Examination of human trafficking and forced migration. It considers different types of human trafficking and the scope of the problem, both domestically and globally. Emphasis on physical, emotional, psychological and spiritual trauma experienced by victims and the methods used to recruit and control them. Entities such as government, the media, faith-based organizations, organized crime and culture and their roles play in this complex issue will also be explored.

How this course benefits students

This course is intended for students with specific research interests in these areas force migration and human trafficking. It is also intended for people of civil society organizations and governmental organizations involved in forced migration and human rights issues, including human trafficking and smuggling, protection of refugees and stateless persons, immigration, protection of internally displaced persons.
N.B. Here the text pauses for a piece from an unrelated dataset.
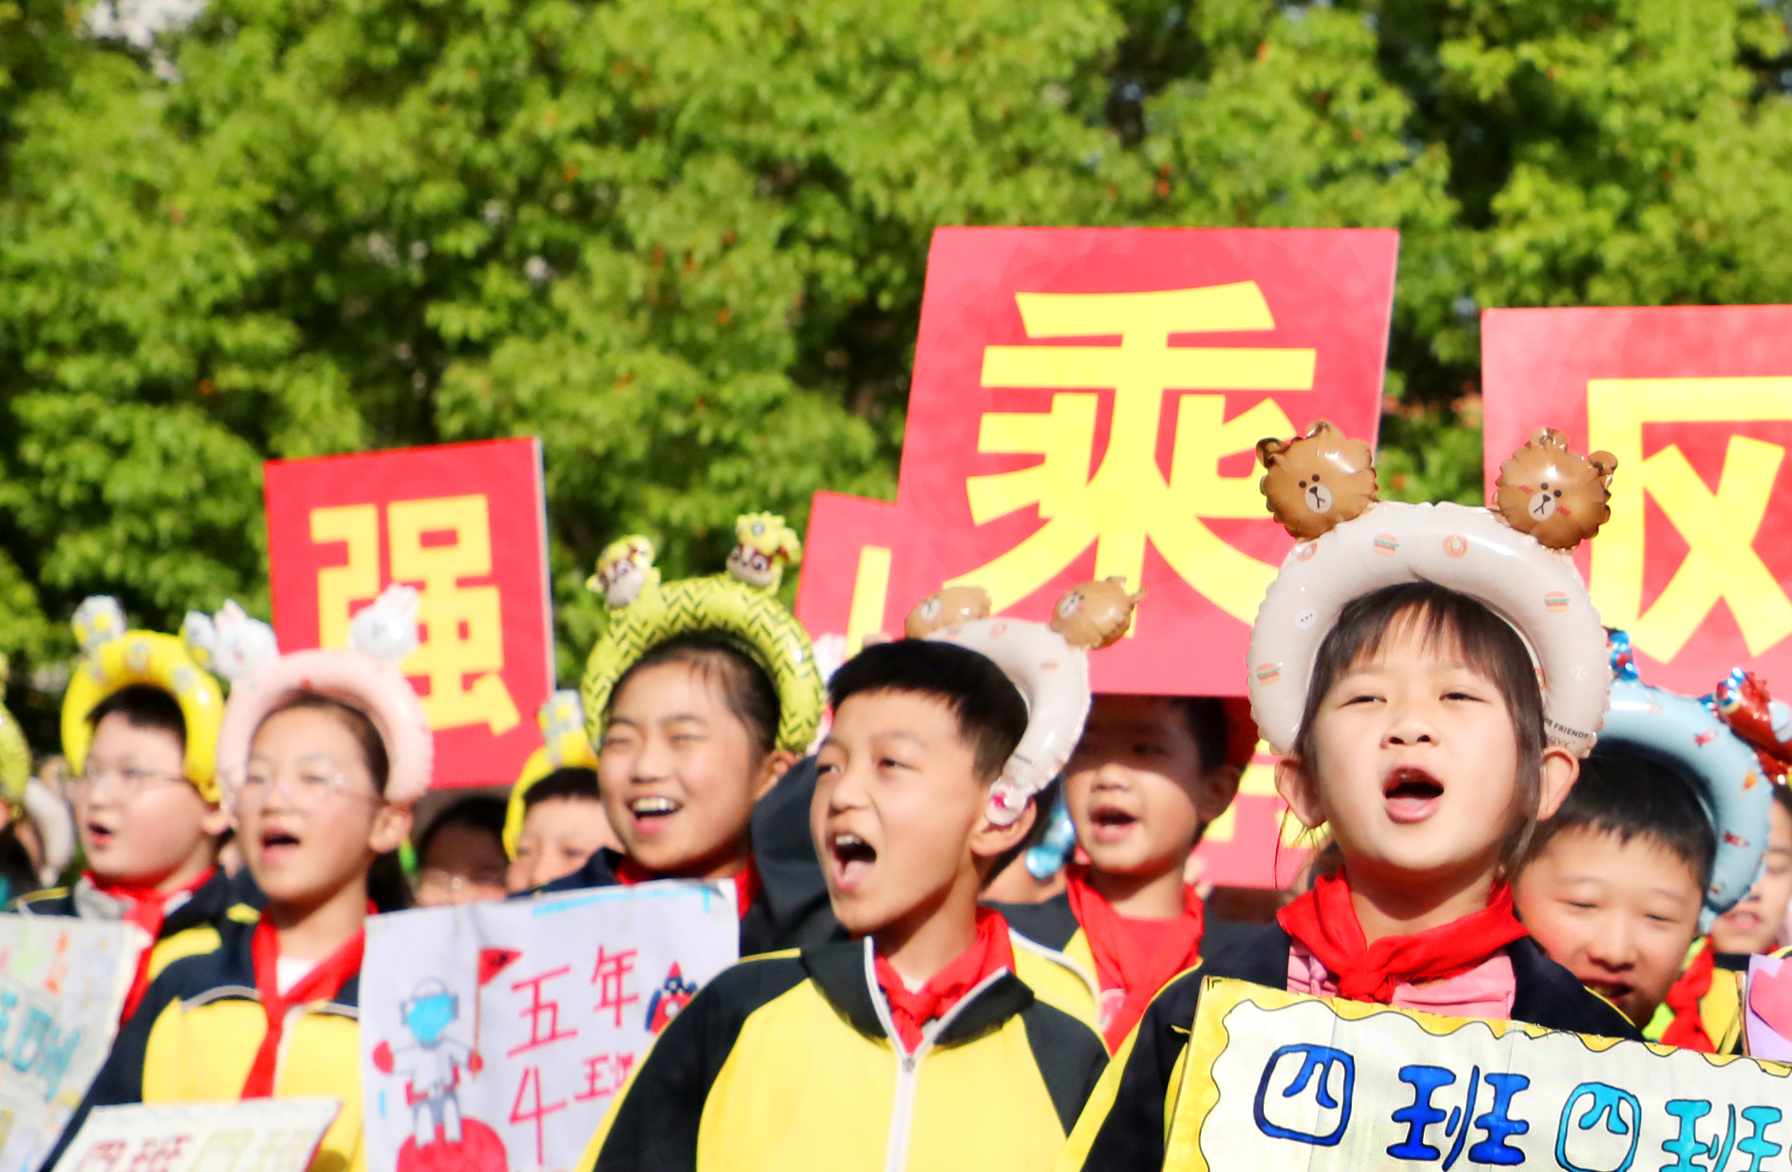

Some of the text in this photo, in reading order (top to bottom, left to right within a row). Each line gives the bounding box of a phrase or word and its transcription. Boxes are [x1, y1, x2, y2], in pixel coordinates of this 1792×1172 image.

Why this course is important

This course is essential because it will prepare students for to serve as human right advocates on causes of forced migration and human trafficking. Student will be prepared to support law and regulations against this social problem.

Credit hours
3 hours
Subject area
Diaspora Studies
Educational level
Master
Learning type
Instructional
Prerequisites
None
Upcoming terms
Pending
* Schedule subject to change. Please contact the Registrar's office with schedule questions.
Professor
Dr. Olivia Owusu-Boakyewaah, Professor of Social Ministry

How this course relates to missional core values

Biblically based

The selling and trading of human life for the purpose of sex, labor or any other purpose is an attack on human dignity. The reality concerning forced migration and human trafficking is an important moral concern. No human being should be treated this way. As Christians, we believe in the sanctity of all human life — from fertilization to natural death. Therefore, this course will be based on the biblical principles.What does the Bible teach about human trafficking? This question cannot adequately be answered without a clear understanding of God’s value of human life. The Bible teaches us that, when God created humans, He created them in His image as indicated in Genesis 1:26. Every life is of great value, and God loves all individuals.

Missionally driven

This course will enhance the mission work to spread the gospel about forced migration and human trafficking and what to do to prevent it.

Contextually informed

This course serves as an empowerment approach to social problems. It will highlight what should be done to fight against these contemporary exploitative practices and to stop forced migration and human trafficking.

Interculturally focused

The course focuses the global aspect of forced migration and human trafficking and how professional can advocate to put an end to it. Student will begin to understand the impact on these issues in different cultural context.

Practically minded

This course will give students the practice tools and insight needed to work with in the field of human rights and be advocated for forced migration and human trafficking. The format for the class may include lecture, discussion, videos, small group exercises, panel discussions, and role play.

Experientially transformed

Students will be able to apply what they are learning into everyday work with families who have experiences forced migration and human trafficking.